Chappell Roan’s thick-skinned ‘The Subway’ captures a survivalist New York mood
If you’re someone who calls New York City home — someone who is unfazed by rats, cockroaches and bad landlords (know your rights!), who would trade any Casper mattress ad for Dr. Zizmor’s rainbow, who would never wait in line for anything you saw an influencer rave about on TikTok — then the wide-eyed way so many visiting pop stars sing about the city always lands far too cute.
To the Taylor Swifts of the world, New York City is the beckoning playground of bright lights and big dreams most mainstream rom-coms make it out to be, a sense of promise and romance lurking around every Village or Williamsburg (it’s always one of those neighborhoods, sorry) corner. “Feel so free, feel so free” the Los Angeles native pop star Addison Rae sang on this year’s “New York,” hopping from club to club after dropping her bags off at the name-checked Bowery Hotel. On Lorde’s recent album Virgin, she sang of dancing in the glow of venues like Baby’s All Right and the “voices of the ancients” calling out for her in the city streets.
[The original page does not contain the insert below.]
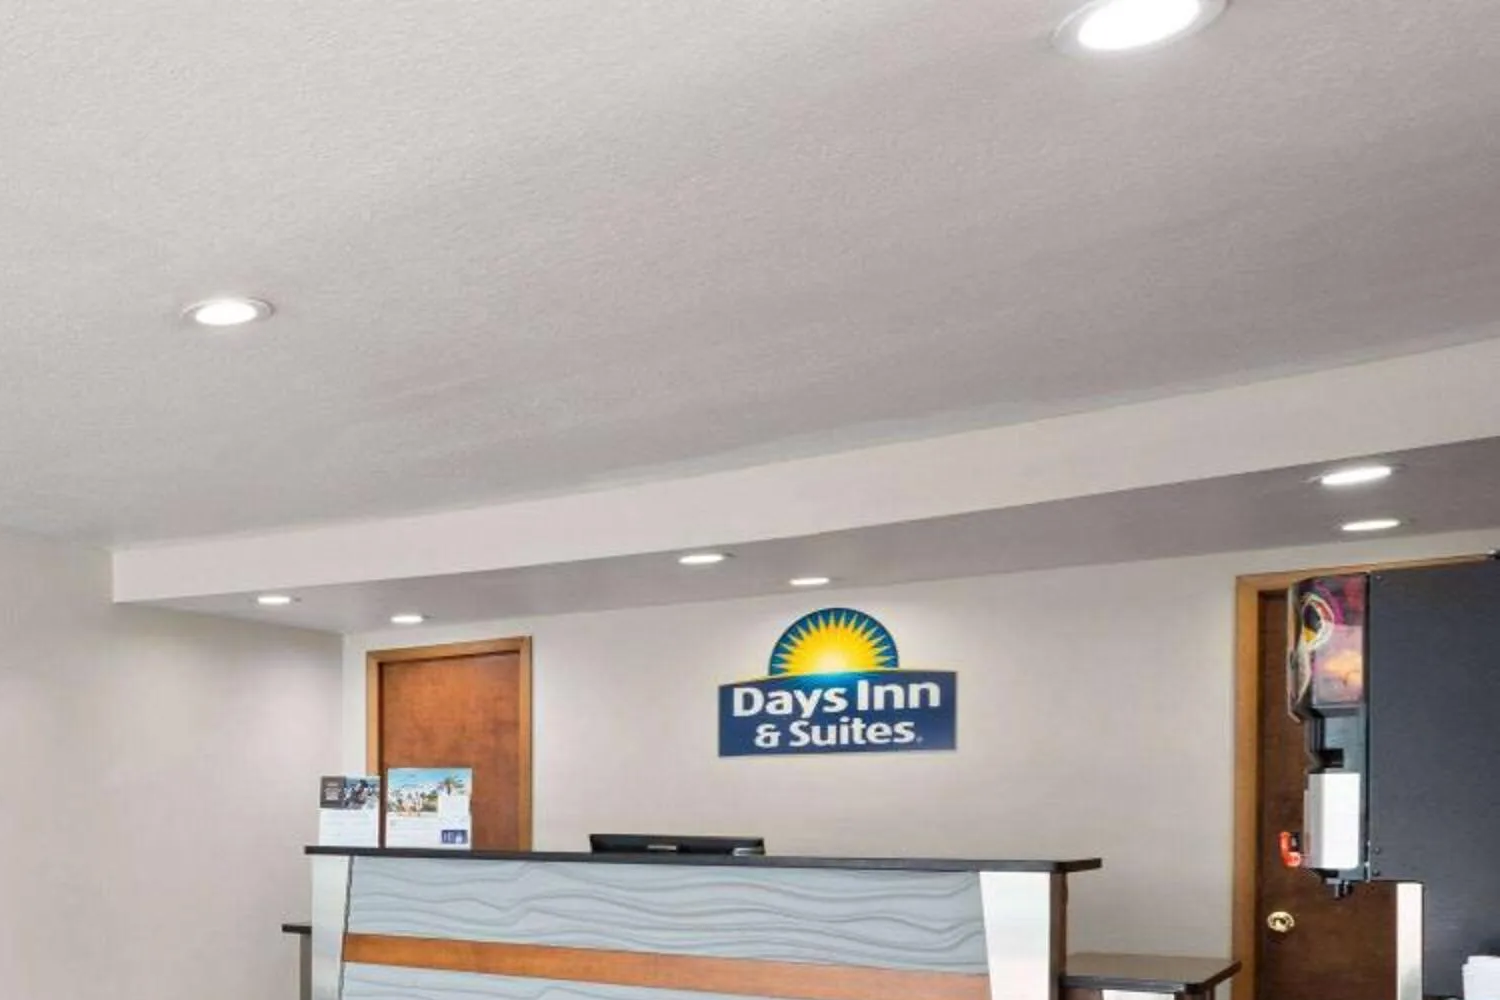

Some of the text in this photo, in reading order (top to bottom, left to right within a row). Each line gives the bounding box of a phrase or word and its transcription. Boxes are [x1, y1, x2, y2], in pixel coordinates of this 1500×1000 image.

Of course New York City is easy to romanticize. But the longer you’re here, the better chance you have of that playground becoming an emotional minefield. New York City, for all its freedom, also requires a sense of stoicism and even coldness from its inhabitants — this is a city where you can cry openly on the subway without some well-meaning but incorrect stranger trying to console you. That’s a reality Chappell Roan gets on her latest break-up song “The Subway,” a song she first debuted live at New York’s Governor’s Ball Festival nearly a year ago, about spotting her ex on the train and almost having “a breakdown.” “It’s not over ’til I don’t look for you on the staircase, or wish you thought that we were still soulmates,” she sings. “But I’m still counting down all of the days, ’til you’re just another girl on the subway.”
It’s a far cry from the last time she released a song about the city, 2023’s “Naked In Manhattan” from The Rise and Fall of a Midwest Princess. There, in a pulsing, ’80s synth-pop number that has become Roan’s specialty, the city was the stage for the singer’s sexual experimentation, and Manhattan’s allure a metaphor for being with another woman. “It’s similar to the way that New York City makes me feel,” Roan said in an interview about the earlier song. “Which is like, excited and kind of like, wanderlust, and it’s the same as a girl.” “In New York, you can try things,” Roan sings on that song, capturing the city’s seemingly endless array of pleasures and possibilities for her taking.
“The Subway,” released during one of the worst weeks in recent memory for NYC’s public transportation, instead finds Chappell Roan confronted not with the city’s pleasures but its unique severity, which is played up for comedy in the song’s accompanying music video. Rats crawl in the singer’s hilariously long red curls, which later get stuck in a taxi cab door and drag her through the street. In one scene, she floats in Washington Square Park’s fountain like Millais’ Ophelia while a young couple makes out a few feet away. Partying drag queens and tired commuters pay her no mind while she’s wallowing in the middle of a subway car. Whether in love or heartbroken, Roan still finds the drama and romance in the city’s chaos.
But “The Subway” doesn’t play like the high-camp, theatrical pop bangers Roan’s been cranking out since becoming a household name in the last few years, pulling instead from the ’90s jangle-pop acts like The Sundays and The Cranberries, letting her vocals wail at the song’s end not unlike the latter’s late lead singer Dolores O’Riordan. But don’t worry, “The Subway” still retains Roan’s saltier impulses. “I made a promise, if in four months this feeling ain’t gone,” she sings. “Well, f*** this city, I’m movin’ to Saskatchewan.” In a city this big, having to see your ex on the subway and pretend they’re just a stranger? Sounds like New York to me.